Input records:
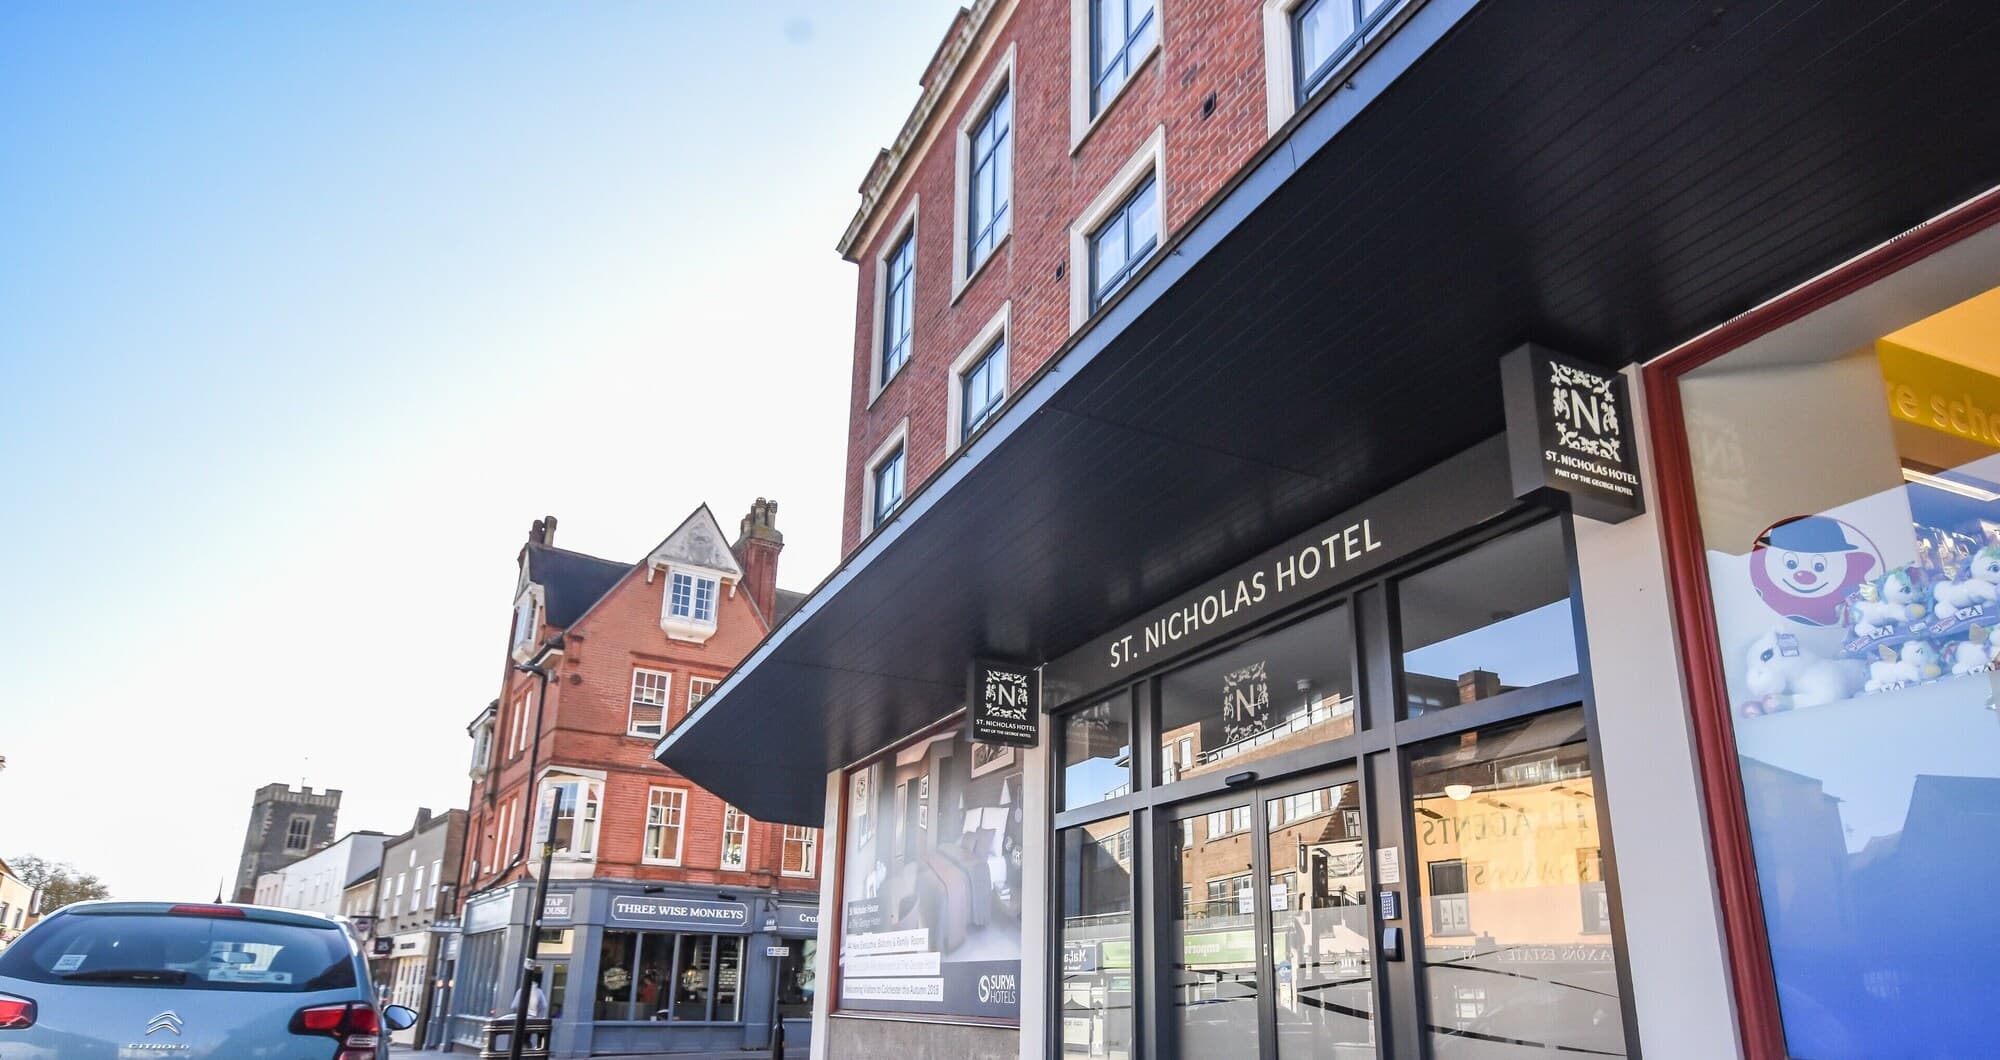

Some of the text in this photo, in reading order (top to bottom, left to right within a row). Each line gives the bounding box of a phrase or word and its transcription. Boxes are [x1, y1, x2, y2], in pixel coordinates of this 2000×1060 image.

[1570, 389, 1601, 435] N
[1545, 450, 1639, 485] ST. NICHOLAS HOTEL
[1554, 468, 1634, 496] PART OF THE GEORGE HOTEL
[1110, 519, 1382, 668] ST. NICHOLAS HOTEL
[998, 683, 1016, 707] N
[976, 718, 1036, 732] ST. NICHOLAS HOTEL
[546, 898, 564, 906] TAP
[543, 906, 568, 915] OUSE
[617, 903, 744, 919] THREE WISE MONKEYS
[990, 974, 1016, 990] SURYA
[990, 990, 1016, 1004] HOTELS
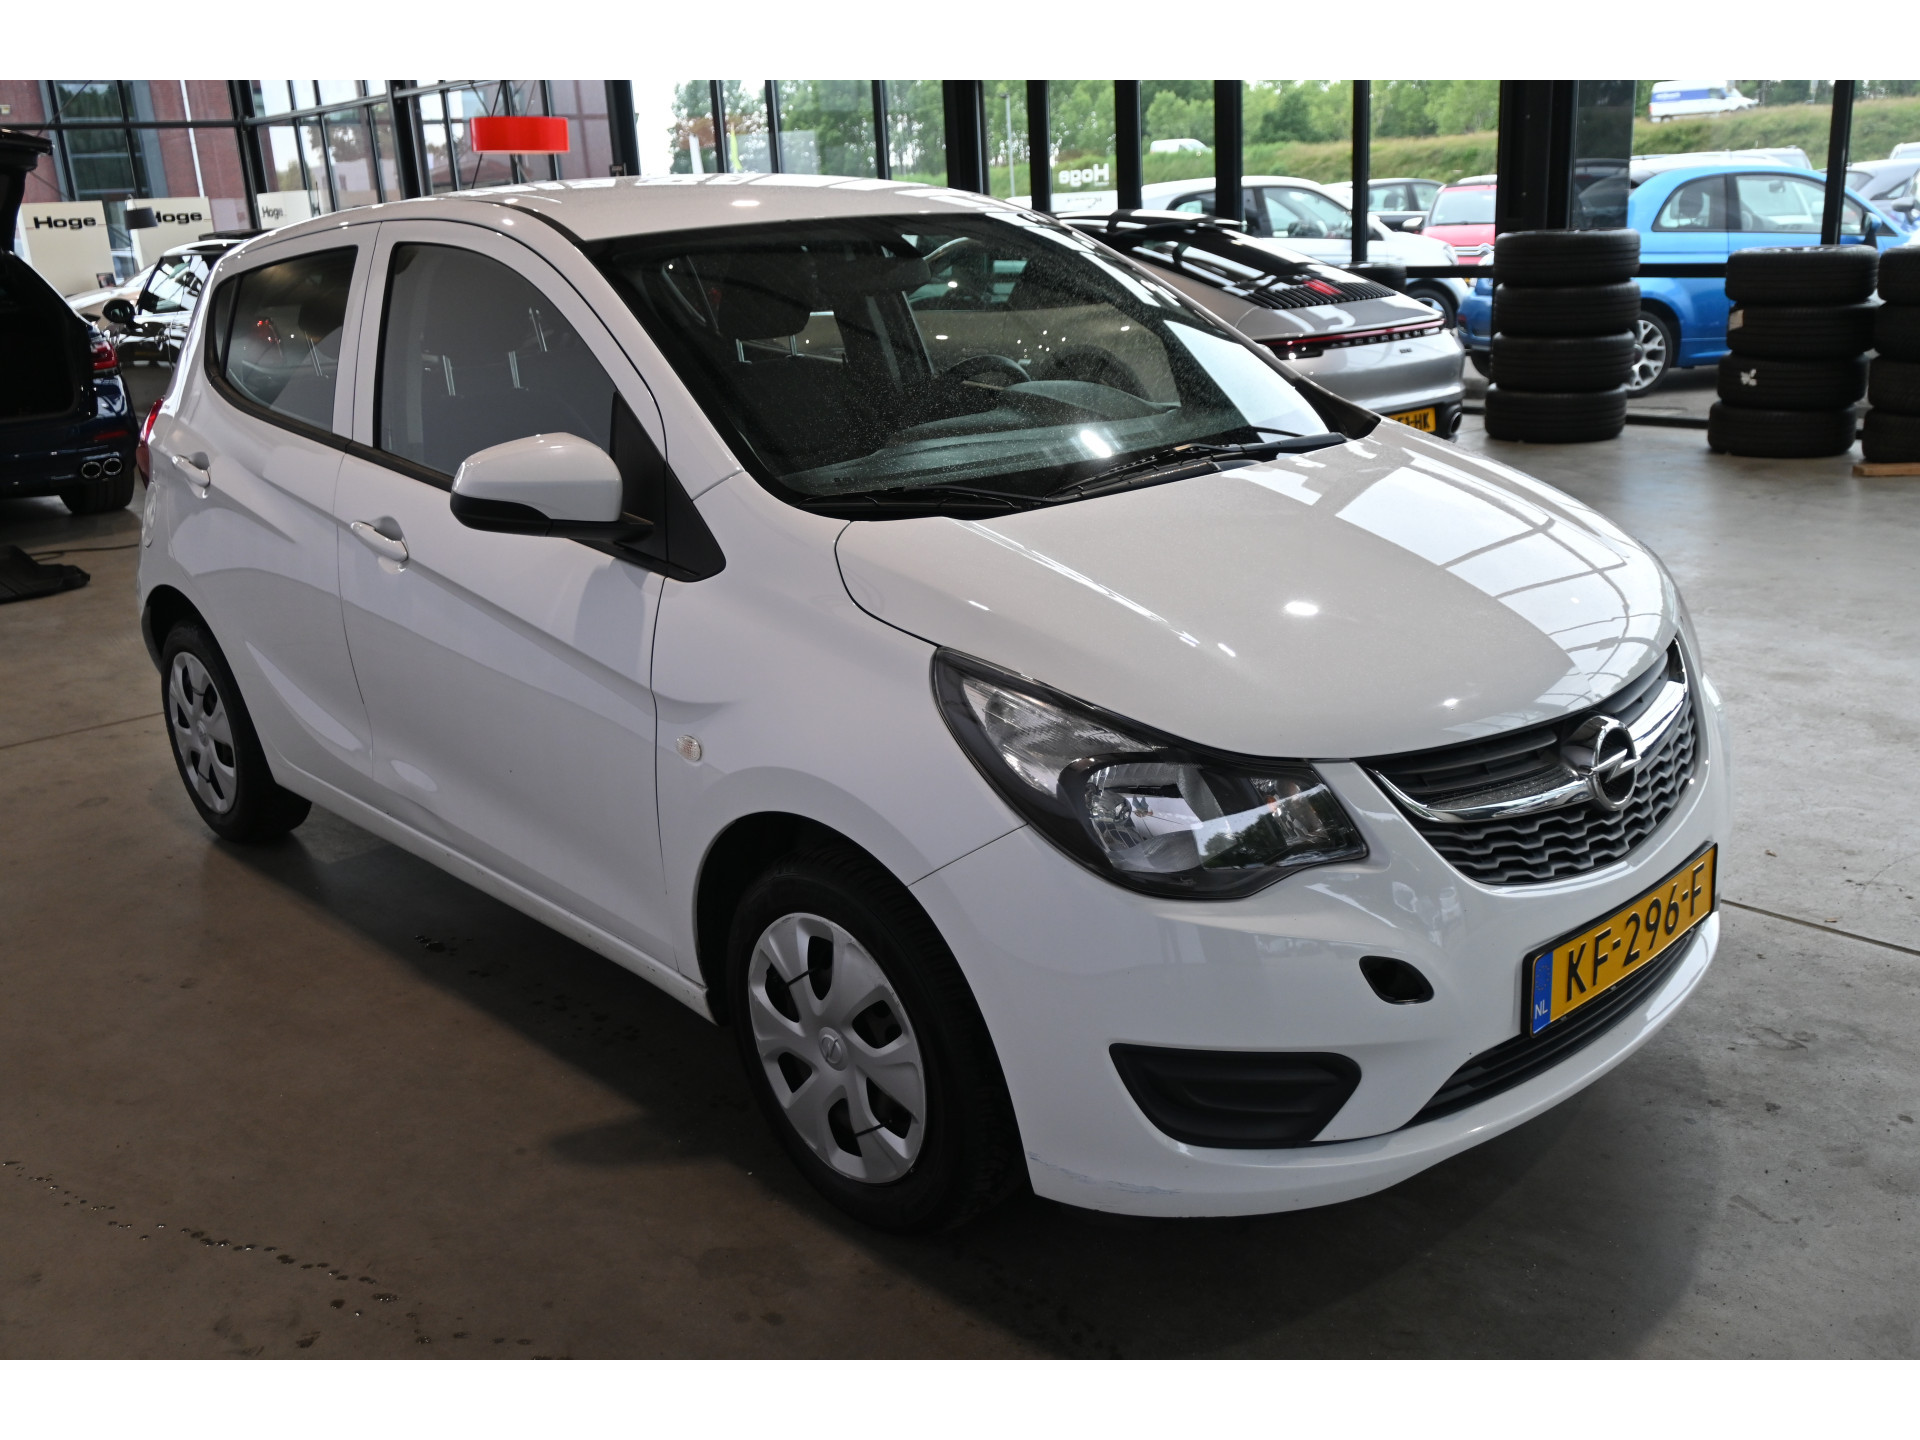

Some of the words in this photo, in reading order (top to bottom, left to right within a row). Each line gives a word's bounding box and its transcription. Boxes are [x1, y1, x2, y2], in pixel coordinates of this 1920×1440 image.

[33, 215, 97, 230] Hoge
[1566, 861, 1705, 1003] KF-296-F
[1534, 999, 1549, 1020] NL

Aim of the task: Give back the full listing verbatim, skipping each picture.

Response:
Some of the text in this photo, in reading order (top to bottom, left to right within a row). Each line gives the bounding box of a phrase or word and its transcription. Boxes are [x1, y1, x2, y2], in pixel coordinates of this 2000×1060 image.

[1570, 389, 1601, 435] N
[1545, 450, 1639, 485] ST. NICHOLAS HOTEL
[1554, 468, 1634, 496] PART OF THE GEORGE HOTEL
[1110, 519, 1382, 668] ST. NICHOLAS HOTEL
[998, 683, 1016, 707] N
[976, 718, 1036, 732] ST. NICHOLAS HOTEL
[546, 898, 564, 906] TAP
[543, 906, 568, 915] OUSE
[617, 903, 744, 919] THREE WISE MONKEYS
[990, 974, 1016, 990] SURYA
[990, 990, 1016, 1004] HOTELS

Some of the words in this photo, in reading order (top to bottom, left to right within a row). Each line gives a word's bounding box and its transcription. Boxes are [x1, y1, x2, y2], in pixel coordinates of this 1920×1440 image.

[33, 215, 97, 230] Hoge
[1566, 861, 1705, 1003] KF-296-F
[1534, 999, 1549, 1020] NL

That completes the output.